[Phrase grounding data]

::::::::::

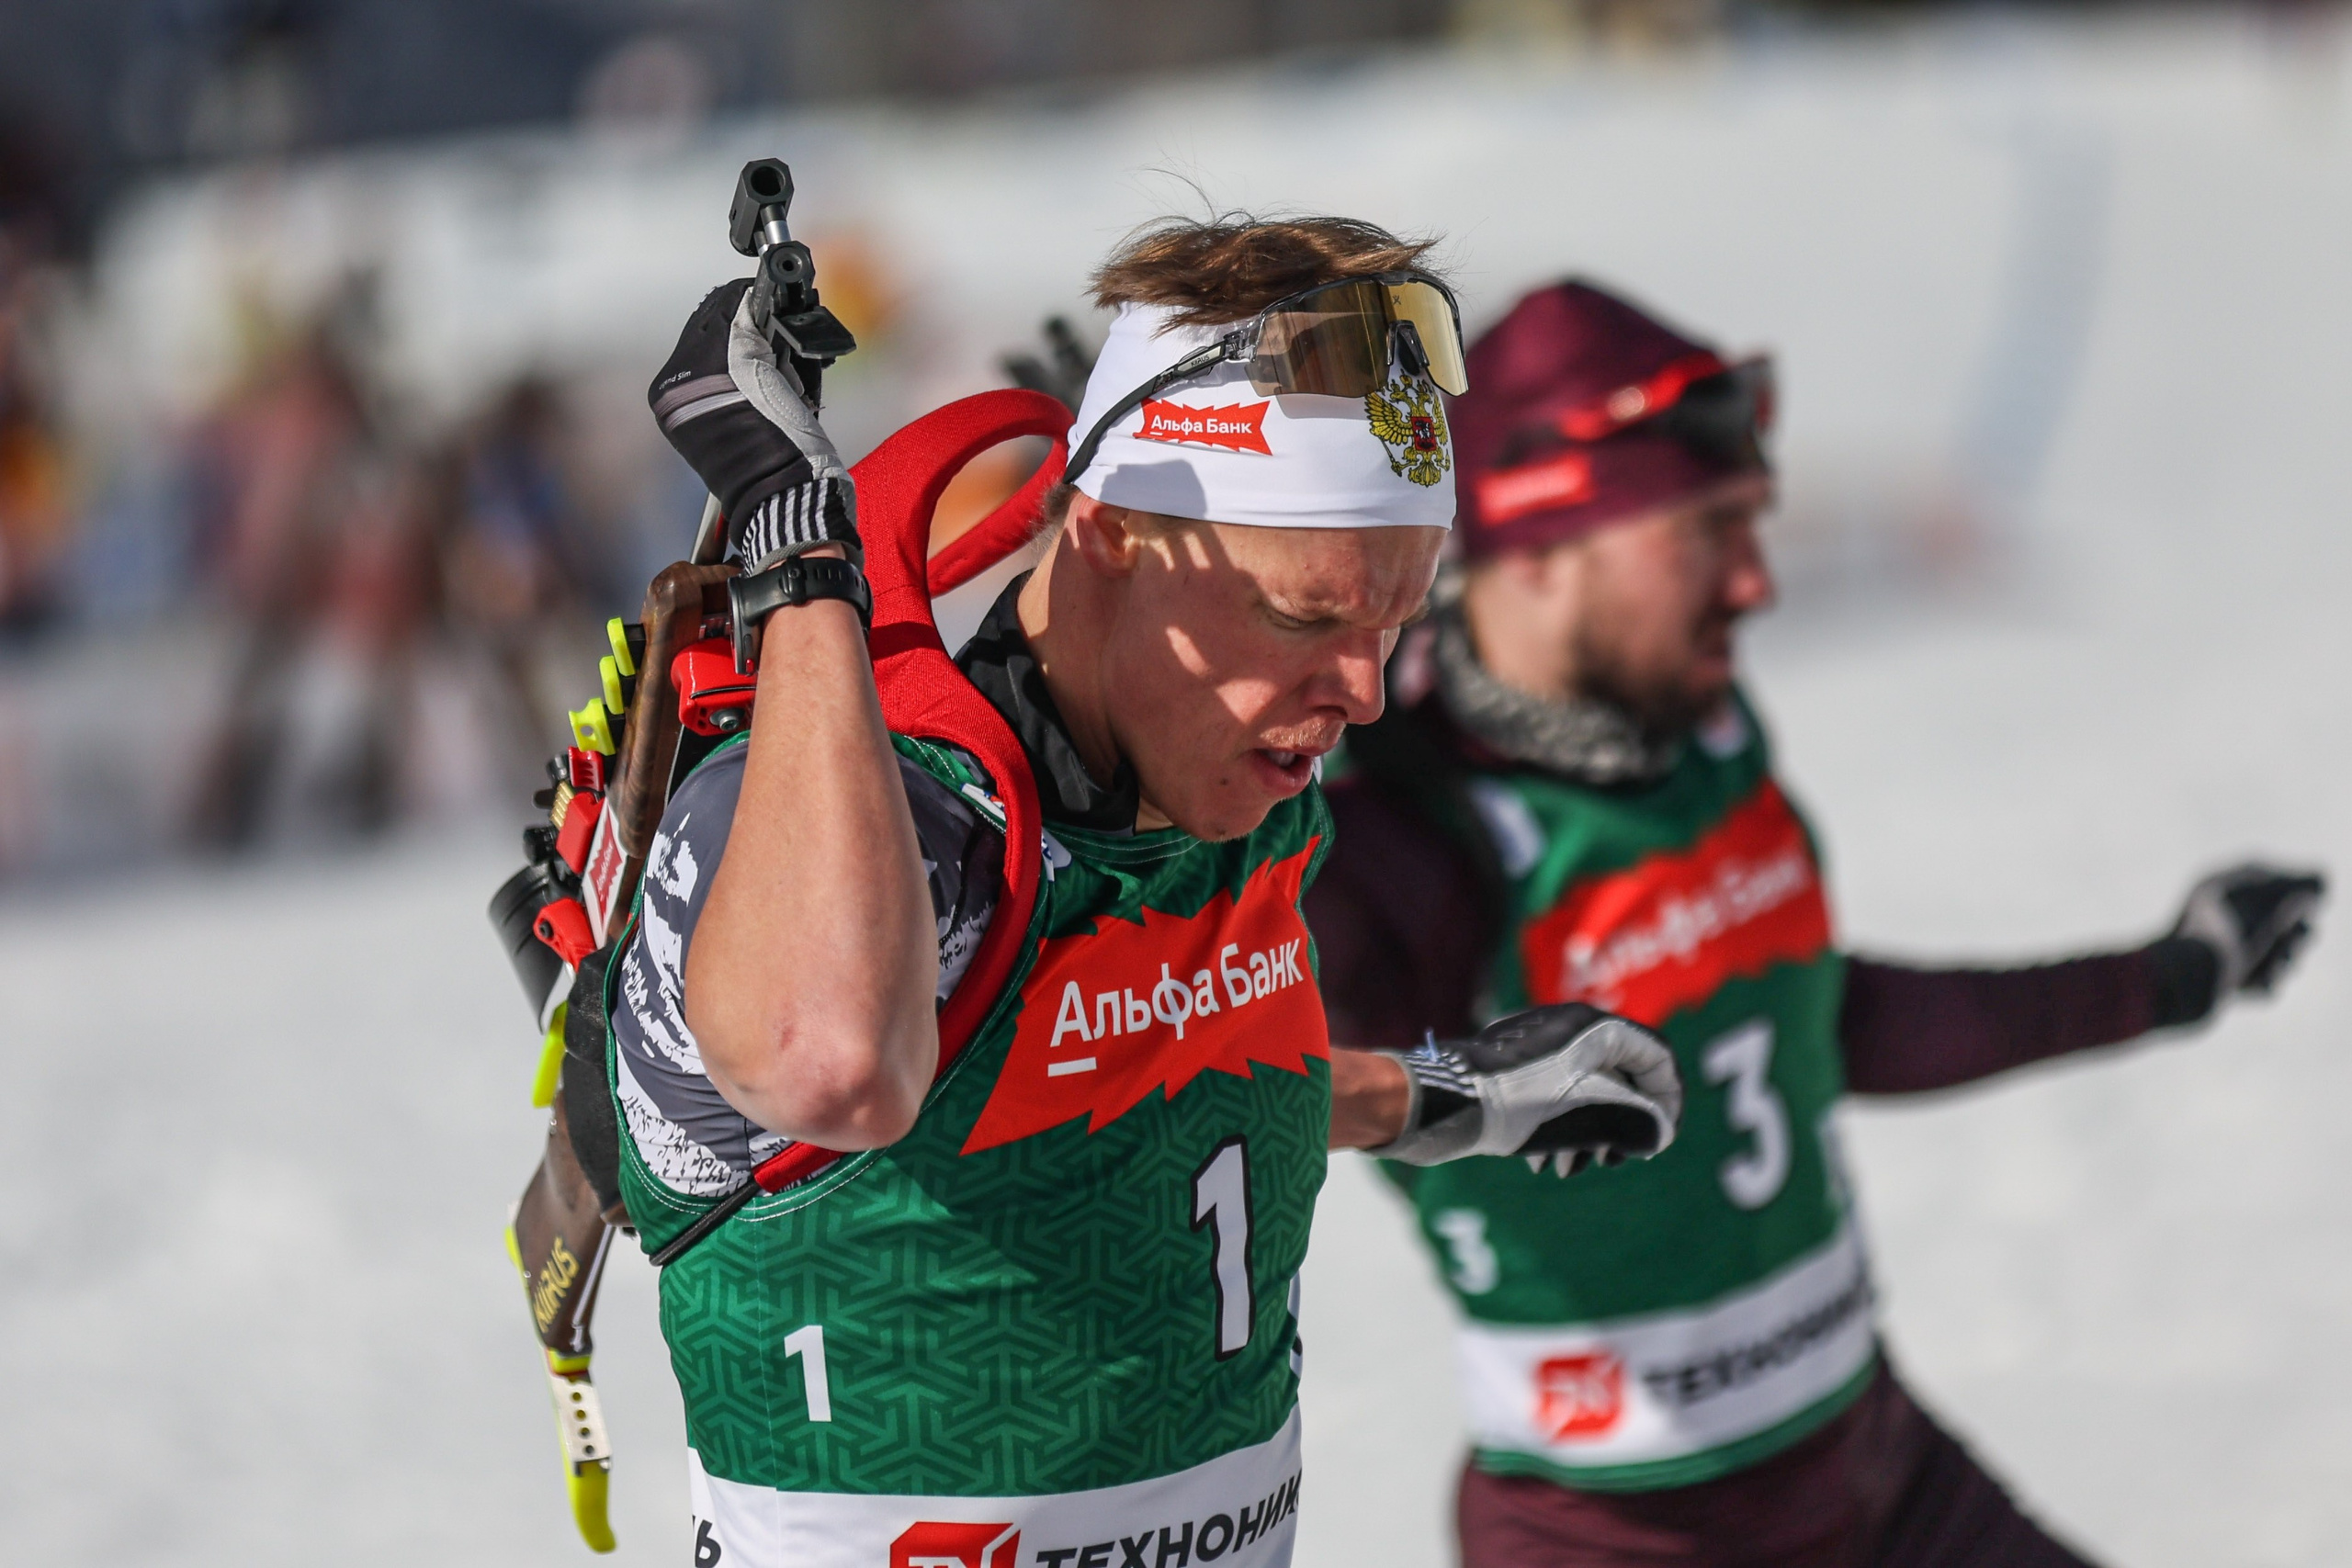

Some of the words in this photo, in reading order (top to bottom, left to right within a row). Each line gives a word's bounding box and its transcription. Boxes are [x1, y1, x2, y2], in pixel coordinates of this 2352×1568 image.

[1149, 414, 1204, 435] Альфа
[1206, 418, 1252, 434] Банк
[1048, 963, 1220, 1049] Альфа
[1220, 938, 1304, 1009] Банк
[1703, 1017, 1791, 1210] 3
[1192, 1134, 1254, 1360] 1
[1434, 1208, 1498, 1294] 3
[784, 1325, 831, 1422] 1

::::::::::

TASK:
Reprint each of the records exactly and skip the images.

RESULT:
Some of the words in this photo, in reading order (top to bottom, left to right within a row). Each line gives a word's bounding box and its transcription. Boxes are [x1, y1, x2, y2], in pixel coordinates of this 2352×1568 image.

[1149, 414, 1204, 435] Альфа
[1206, 418, 1252, 434] Банк
[1048, 963, 1220, 1049] Альфа
[1220, 938, 1304, 1009] Банк
[1703, 1017, 1791, 1210] 3
[1192, 1134, 1254, 1360] 1
[1434, 1208, 1498, 1294] 3
[784, 1325, 831, 1422] 1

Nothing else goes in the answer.